### ABOUT THIS TASK
Exactly as given, reproduce the records in full.

*** THE RECORDS ***

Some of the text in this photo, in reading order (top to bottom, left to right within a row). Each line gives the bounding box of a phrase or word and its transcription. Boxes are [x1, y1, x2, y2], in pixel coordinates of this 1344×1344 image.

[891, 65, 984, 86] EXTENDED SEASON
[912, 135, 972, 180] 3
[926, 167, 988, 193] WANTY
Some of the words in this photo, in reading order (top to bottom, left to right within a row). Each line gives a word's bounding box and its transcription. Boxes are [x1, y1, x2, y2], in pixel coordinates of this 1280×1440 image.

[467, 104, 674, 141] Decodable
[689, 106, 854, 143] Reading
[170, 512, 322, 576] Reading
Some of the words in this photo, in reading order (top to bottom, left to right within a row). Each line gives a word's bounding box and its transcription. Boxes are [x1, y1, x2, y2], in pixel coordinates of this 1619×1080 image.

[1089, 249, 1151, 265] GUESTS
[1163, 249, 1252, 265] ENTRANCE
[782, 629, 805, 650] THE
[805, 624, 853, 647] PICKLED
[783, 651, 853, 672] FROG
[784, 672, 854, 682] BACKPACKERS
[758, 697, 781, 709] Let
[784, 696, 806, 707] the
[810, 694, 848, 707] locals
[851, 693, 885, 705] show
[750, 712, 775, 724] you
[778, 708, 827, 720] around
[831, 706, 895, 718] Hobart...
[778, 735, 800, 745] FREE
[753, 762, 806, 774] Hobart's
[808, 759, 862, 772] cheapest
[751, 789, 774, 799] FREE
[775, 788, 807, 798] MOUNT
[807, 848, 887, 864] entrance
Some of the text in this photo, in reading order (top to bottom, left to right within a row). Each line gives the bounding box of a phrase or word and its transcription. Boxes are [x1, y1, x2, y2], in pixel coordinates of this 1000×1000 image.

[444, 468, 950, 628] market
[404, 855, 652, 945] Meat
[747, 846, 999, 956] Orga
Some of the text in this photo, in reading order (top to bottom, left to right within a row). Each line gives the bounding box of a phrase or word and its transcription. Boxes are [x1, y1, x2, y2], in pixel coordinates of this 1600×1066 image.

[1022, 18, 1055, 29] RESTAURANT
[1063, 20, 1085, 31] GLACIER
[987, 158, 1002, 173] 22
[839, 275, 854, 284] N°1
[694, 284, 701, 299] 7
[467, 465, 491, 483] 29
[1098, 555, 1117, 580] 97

*** End of THE RECORDS ***

### TASK RESPONSE
Some of the text in this photo, in reading order (top to bottom, left to right within a row). Each line gives the bounding box of a phrase or word and its transcription. Boxes are [x1, y1, x2, y2], in pixel coordinates of this 1344×1344 image.

[891, 65, 984, 86] EXTENDED SEASON
[912, 135, 972, 180] 3
[926, 167, 988, 193] WANTY
Some of the words in this photo, in reading order (top to bottom, left to right within a row). Each line gives a word's bounding box and its transcription. Boxes are [x1, y1, x2, y2], in pixel coordinates of this 1280×1440 image.

[467, 104, 674, 141] Decodable
[689, 106, 854, 143] Reading
[170, 512, 322, 576] Reading
Some of the words in this photo, in reading order (top to bottom, left to right within a row). Each line gives a word's bounding box and its transcription. Boxes are [x1, y1, x2, y2], in pixel coordinates of this 1619×1080 image.

[1089, 249, 1151, 265] GUESTS
[1163, 249, 1252, 265] ENTRANCE
[782, 629, 805, 650] THE
[805, 624, 853, 647] PICKLED
[783, 651, 853, 672] FROG
[784, 672, 854, 682] BACKPACKERS
[758, 697, 781, 709] Let
[784, 696, 806, 707] the
[810, 694, 848, 707] locals
[851, 693, 885, 705] show
[750, 712, 775, 724] you
[778, 708, 827, 720] around
[831, 706, 895, 718] Hobart...
[778, 735, 800, 745] FREE
[753, 762, 806, 774] Hobart's
[808, 759, 862, 772] cheapest
[751, 789, 774, 799] FREE
[775, 788, 807, 798] MOUNT
[807, 848, 887, 864] entrance
Some of the text in this photo, in reading order (top to bottom, left to right within a row). Each line gives the bounding box of a phrase or word and its transcription. Boxes are [x1, y1, x2, y2], in pixel coordinates of this 1000×1000 image.

[444, 468, 950, 628] market
[404, 855, 652, 945] Meat
[747, 846, 999, 956] Orga
Some of the text in this photo, in reading order (top to bottom, left to right within a row). Each line gives the bounding box of a phrase or word and its transcription. Boxes are [x1, y1, x2, y2], in pixel coordinates of this 1600×1066 image.

[1022, 18, 1055, 29] RESTAURANT
[1063, 20, 1085, 31] GLACIER
[987, 158, 1002, 173] 22
[839, 275, 854, 284] N°1
[694, 284, 701, 299] 7
[467, 465, 491, 483] 29
[1098, 555, 1117, 580] 97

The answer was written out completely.